Hi,
The three functions you would be interested in are occurrence(), predict(), and simulate().
Kriging in ctmm is done in continuous time, so irregular sampling is not an issue for any of the functions to operate correctly. If you want to predict where the individual was at a specific time, then the method you want is predict(). However, the autocorrelation structure of predictions is more smooth than the autocorrelation structure of real trajectories. If you want to regularize your data for an analysis that assumes even sampling, then you want to use simulate() many times, running the analysis many times to capture the uncertainty of not knowing where the individual was at the times of interest. However, you still do not want to use simulations too far from your data, as that will more reflect the movement model than the data.
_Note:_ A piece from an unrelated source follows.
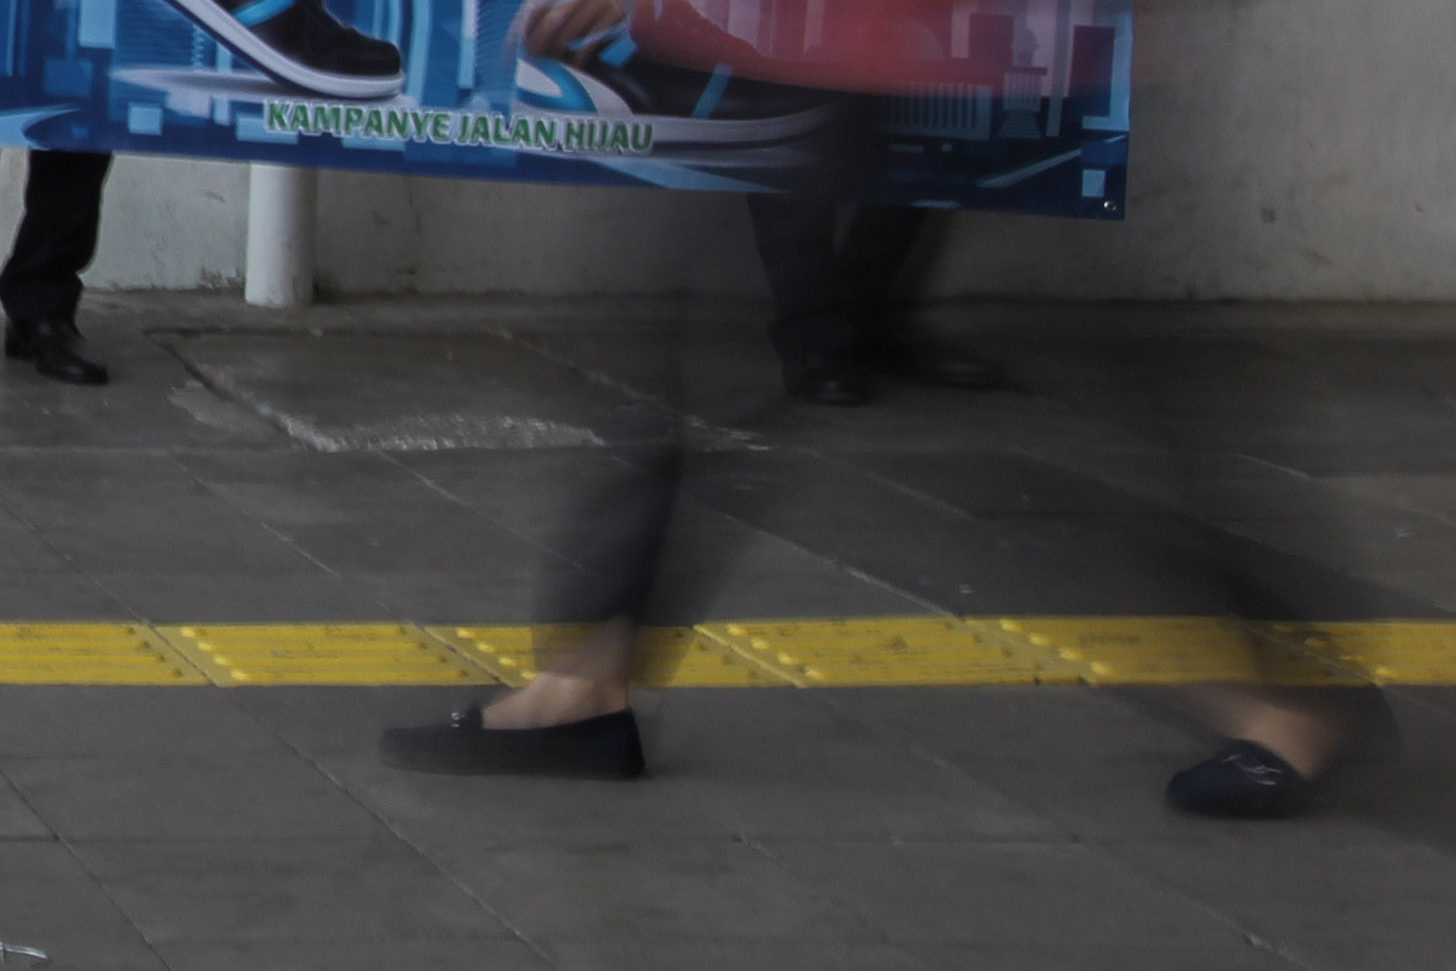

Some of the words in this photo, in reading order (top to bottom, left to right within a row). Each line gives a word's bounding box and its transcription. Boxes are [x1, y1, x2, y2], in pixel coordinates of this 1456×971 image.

occurrence() returns a distribution of where the animal might have been during the sampling period (or some range of times). Occurrence distributions of all kinds are sensitive to the sampling schedule by design. There are some gap skipping arguments in occurrence() that I just updated on GitHub. These are used to keep the occurrence distribution tight to the data, as large gaps will produce large blobs of uncertainty when you didn't know where the individual was... and people are usually not interested in visualizing that. If you want to compare occurrence distributions in an apples-to-apples away, you might consider tweaking the gap skipping arguments to make them more comparable, if possible. occurrence() doesn't return a trajectory, however. It is a distribution that (if I can steal a thought from John Fieberg) is more like the confidence intervals around the full trajectory.
I hope that answers your questions.
Best,
Chris